Phrase grounding data
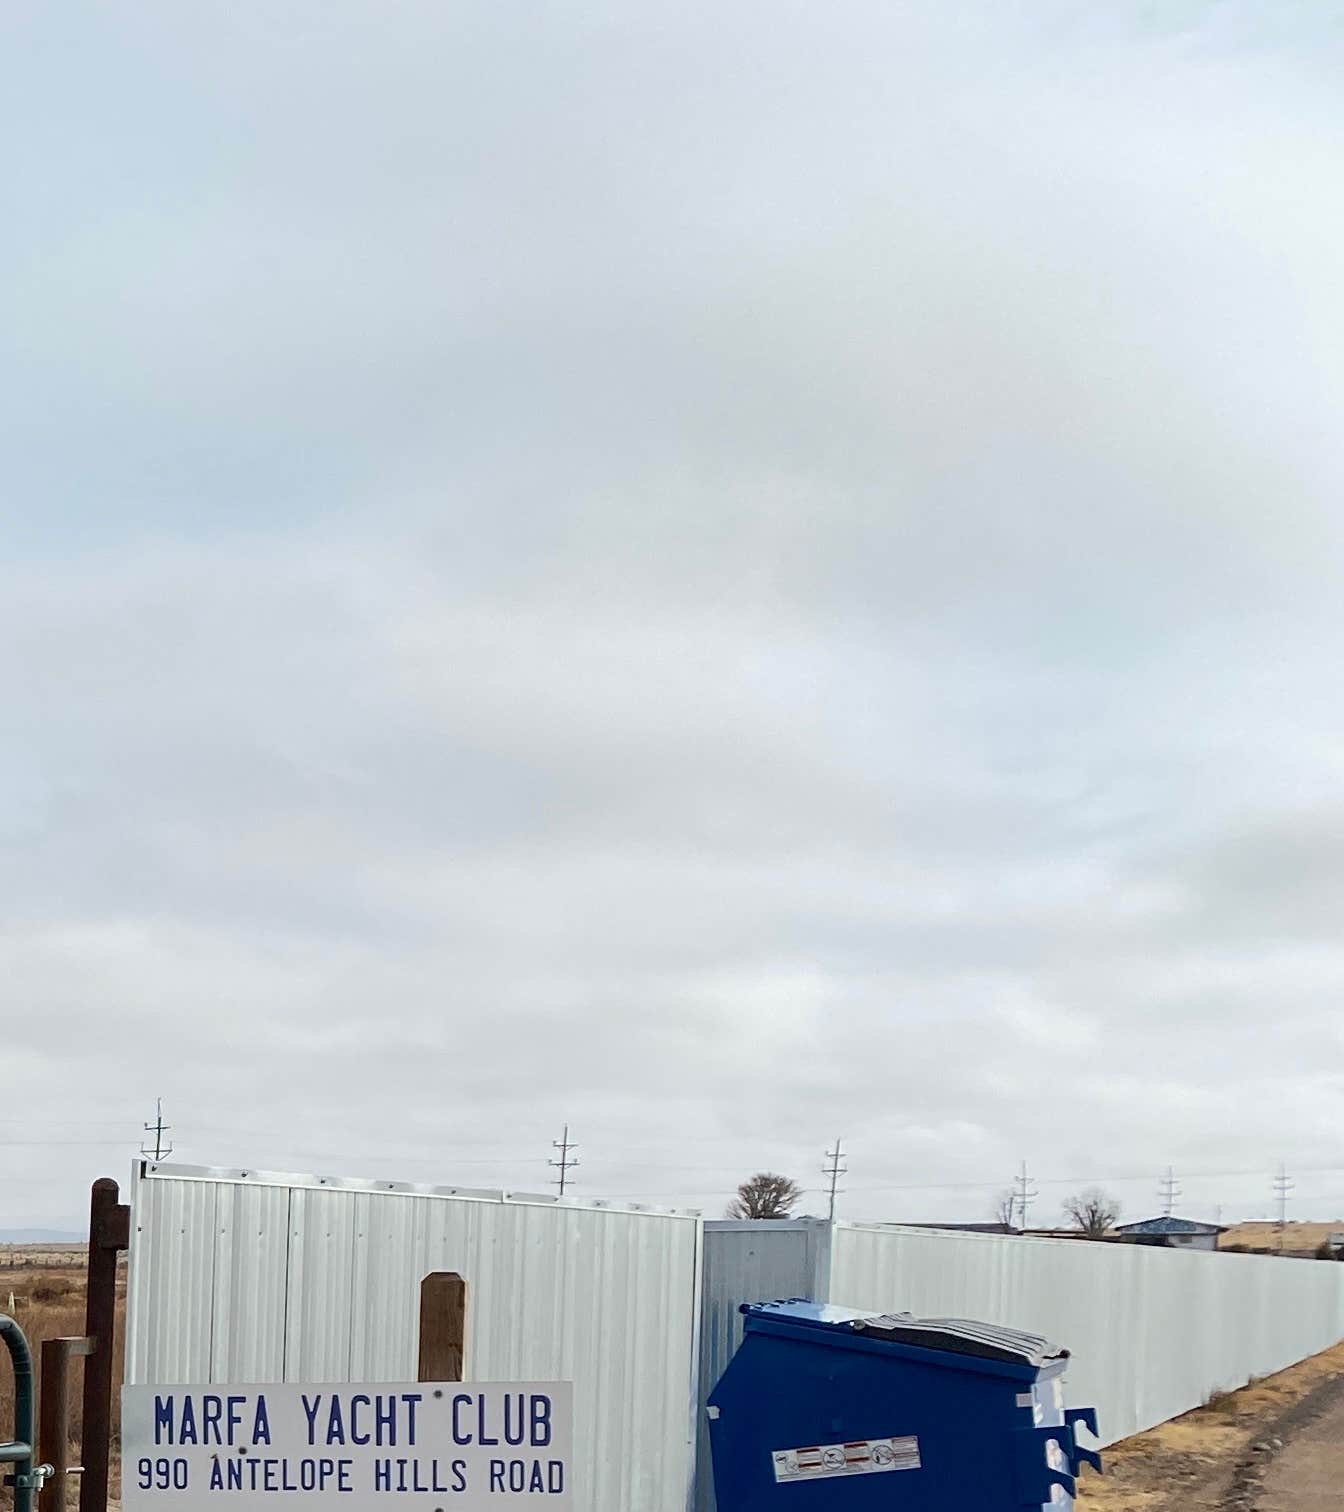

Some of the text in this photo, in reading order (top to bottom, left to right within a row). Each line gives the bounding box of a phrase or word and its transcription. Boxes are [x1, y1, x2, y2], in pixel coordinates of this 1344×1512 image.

[155, 1394, 551, 1446] MARFA YACHT CLUB
[139, 1458, 563, 1493] 990 ANTELOPE HILLS ROAD
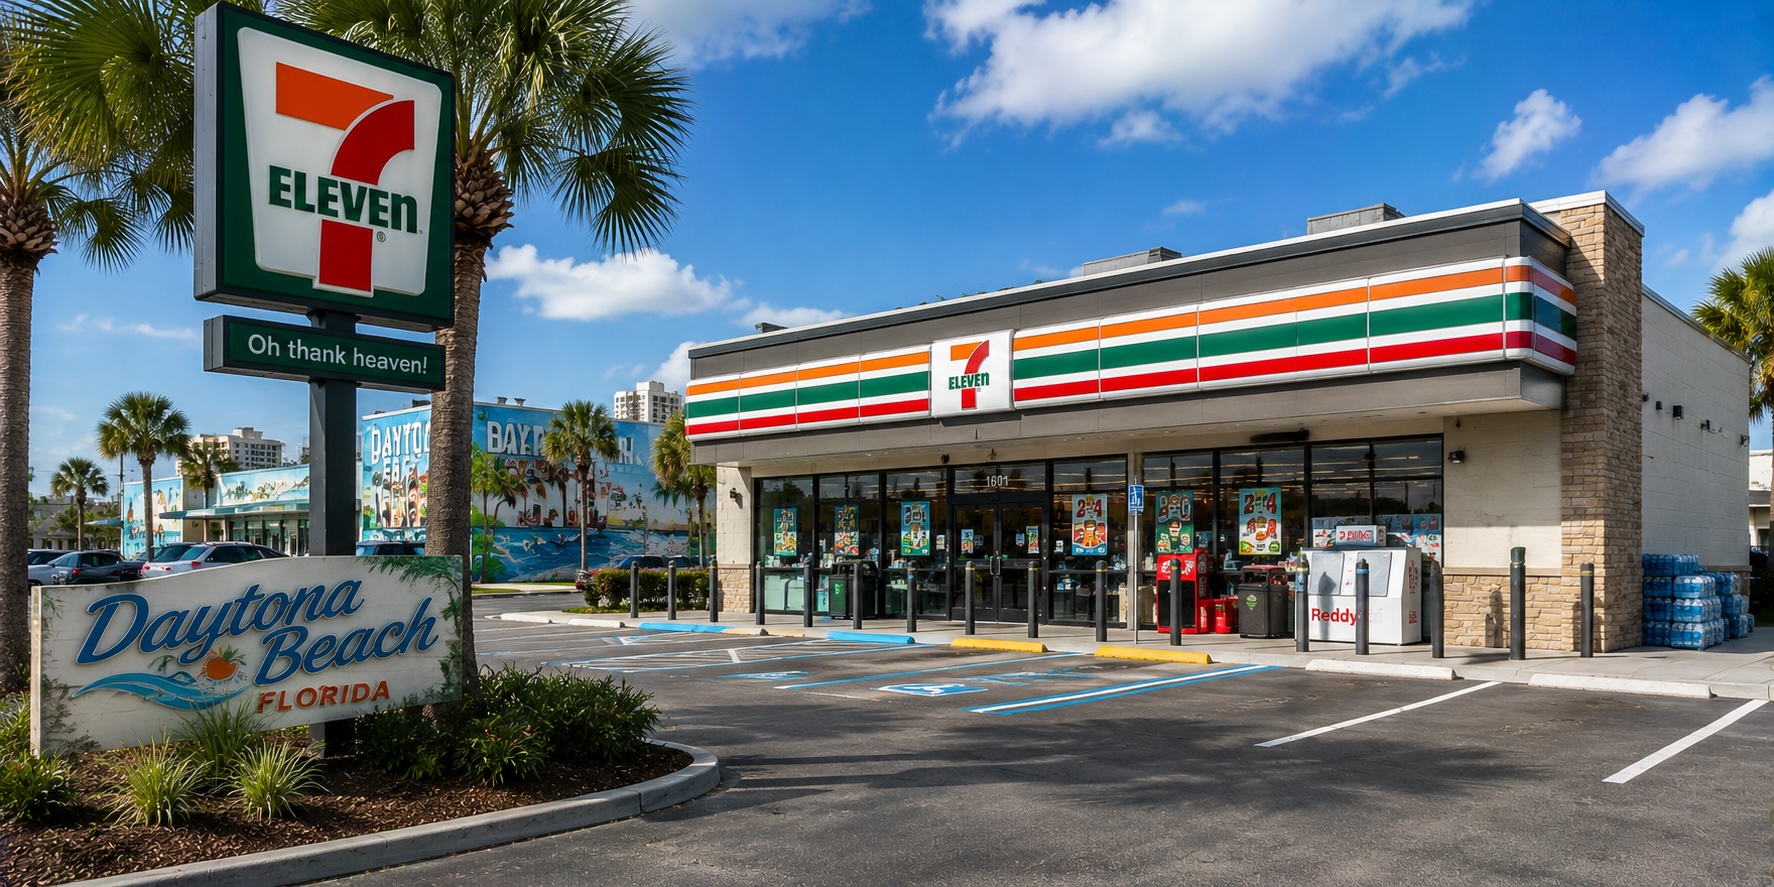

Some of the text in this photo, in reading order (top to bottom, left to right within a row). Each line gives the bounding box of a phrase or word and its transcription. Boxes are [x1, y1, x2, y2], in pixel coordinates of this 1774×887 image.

[276, 61, 415, 292] 7
[248, 333, 428, 375] Oh thank heaven!
[950, 339, 990, 411] 7
[986, 474, 1008, 487] 1601
[75, 579, 365, 665] Daytona
[253, 597, 440, 687] Beach
[1311, 607, 1357, 626] Reddy
[256, 680, 391, 714] FLORIDA

● ABOUT THIS EXERCISE
Repeat every entry above word for word, and include no pictures.

● SOLVED PROBLEM
Some of the text in this photo, in reading order (top to bottom, left to right within a row). Each line gives the bounding box of a phrase or word and its transcription. Boxes are [x1, y1, x2, y2], in pixel coordinates of this 1344×1512 image.

[155, 1394, 551, 1446] MARFA YACHT CLUB
[139, 1458, 563, 1493] 990 ANTELOPE HILLS ROAD

Some of the text in this photo, in reading order (top to bottom, left to right within a row). Each line gives the bounding box of a phrase or word and its transcription. Boxes are [x1, y1, x2, y2], in pixel coordinates of this 1774×887 image.

[276, 61, 415, 292] 7
[248, 333, 428, 375] Oh thank heaven!
[950, 339, 990, 411] 7
[986, 474, 1008, 487] 1601
[75, 579, 365, 665] Daytona
[253, 597, 440, 687] Beach
[1311, 607, 1357, 626] Reddy
[256, 680, 391, 714] FLORIDA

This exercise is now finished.